--- RECORD EXTRACTS ---

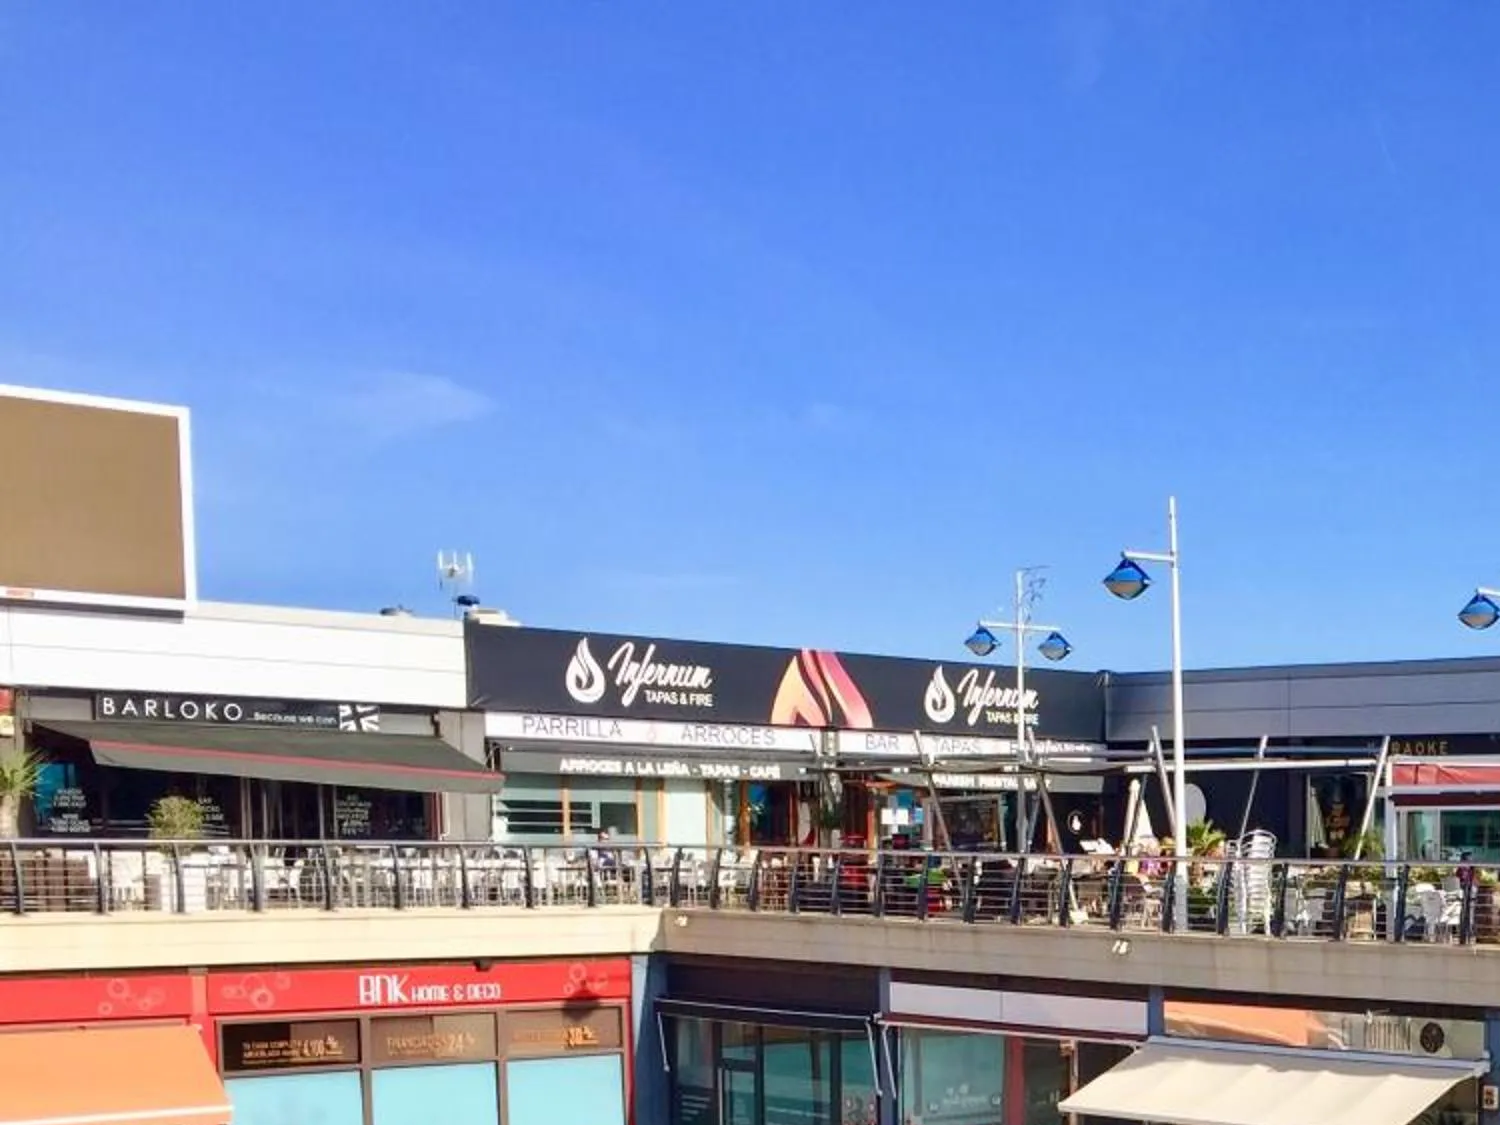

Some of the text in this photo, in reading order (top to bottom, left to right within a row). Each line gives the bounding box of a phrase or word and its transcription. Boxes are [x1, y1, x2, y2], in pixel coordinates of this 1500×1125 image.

[607, 641, 713, 707] Infernum
[645, 690, 679, 705] TAPAS
[690, 693, 713, 707] FIRE
[102, 697, 243, 721] BARLOKO
[986, 710, 1011, 723] TAPAS
[522, 715, 776, 746] PARRILLA ARROCES
[865, 734, 899, 750] BAR
[1367, 740, 1448, 755] KRAOKE
[637, 761, 655, 775] LA
[453, 983, 464, 1000] &
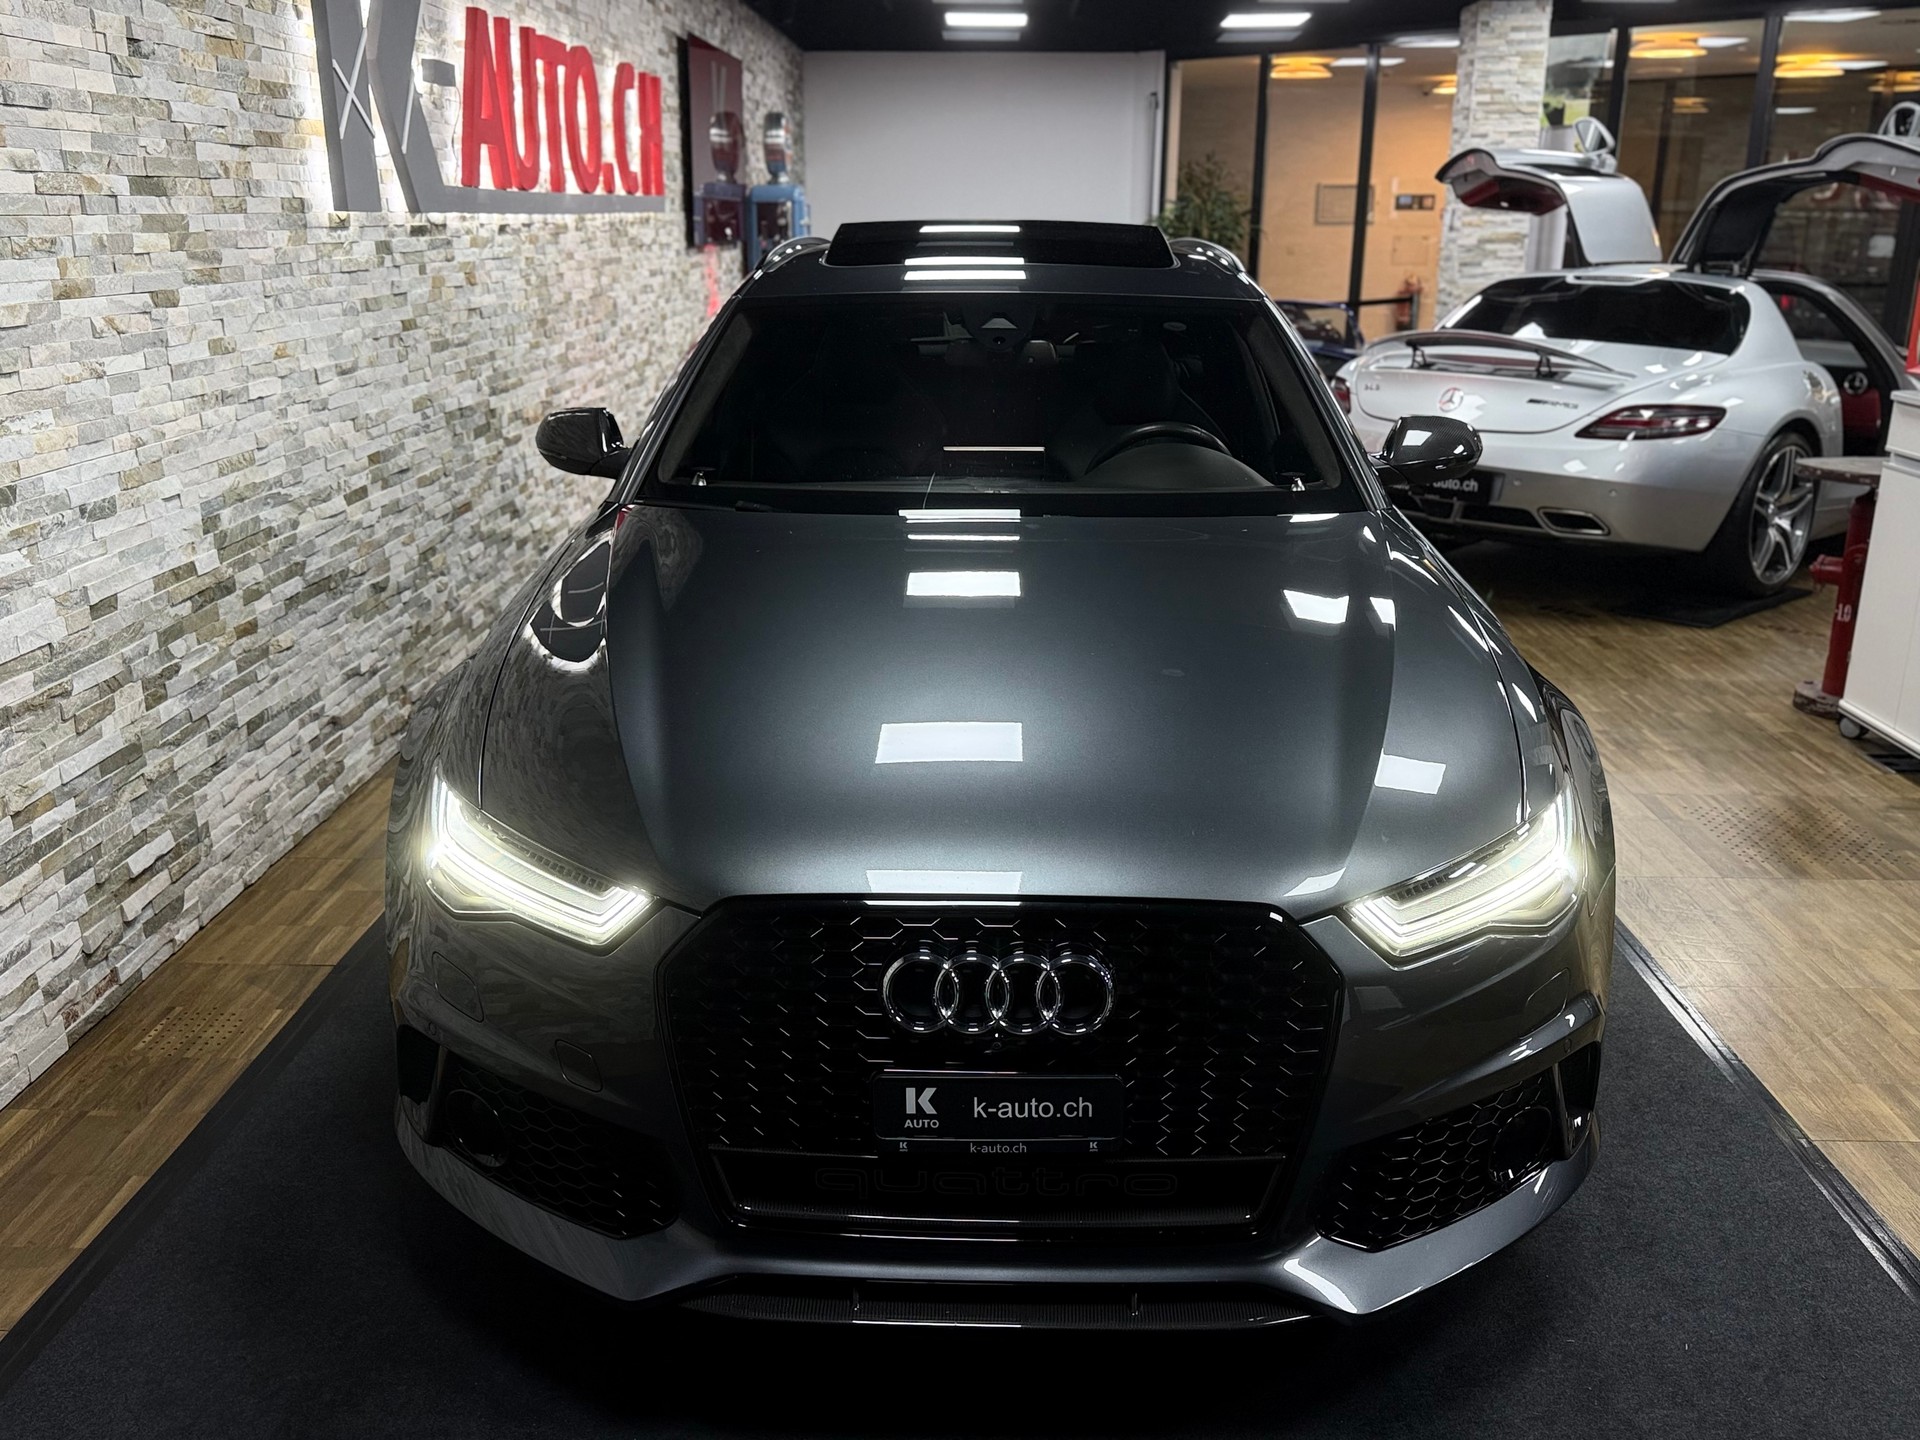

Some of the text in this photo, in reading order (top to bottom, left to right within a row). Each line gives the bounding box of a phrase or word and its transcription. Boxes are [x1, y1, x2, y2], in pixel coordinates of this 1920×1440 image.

[905, 1087, 938, 1115] K
[973, 1096, 1093, 1118] k-auto.ch
[904, 1119, 940, 1129] AUTO
[970, 1142, 1027, 1153] k-auto.ch
[814, 1165, 1179, 1200] quattro

---

> _WHAT IS NEEDED_
Would you return the records exactly as written, minus any image?

> _SOLUTION FOR THIS EXERCISE_
Some of the text in this photo, in reading order (top to bottom, left to right within a row). Each line gives the bounding box of a phrase or word and its transcription. Boxes are [x1, y1, x2, y2], in pixel coordinates of this 1500×1125 image.

[607, 641, 713, 707] Infernum
[645, 690, 679, 705] TAPAS
[690, 693, 713, 707] FIRE
[102, 697, 243, 721] BARLOKO
[986, 710, 1011, 723] TAPAS
[522, 715, 776, 746] PARRILLA ARROCES
[865, 734, 899, 750] BAR
[1367, 740, 1448, 755] KRAOKE
[637, 761, 655, 775] LA
[453, 983, 464, 1000] &

Some of the text in this photo, in reading order (top to bottom, left to right within a row). Each line gives the bounding box of a phrase or word and its transcription. Boxes are [x1, y1, x2, y2], in pixel coordinates of this 1920×1440 image.

[905, 1087, 938, 1115] K
[973, 1096, 1093, 1118] k-auto.ch
[904, 1119, 940, 1129] AUTO
[970, 1142, 1027, 1153] k-auto.ch
[814, 1165, 1179, 1200] quattro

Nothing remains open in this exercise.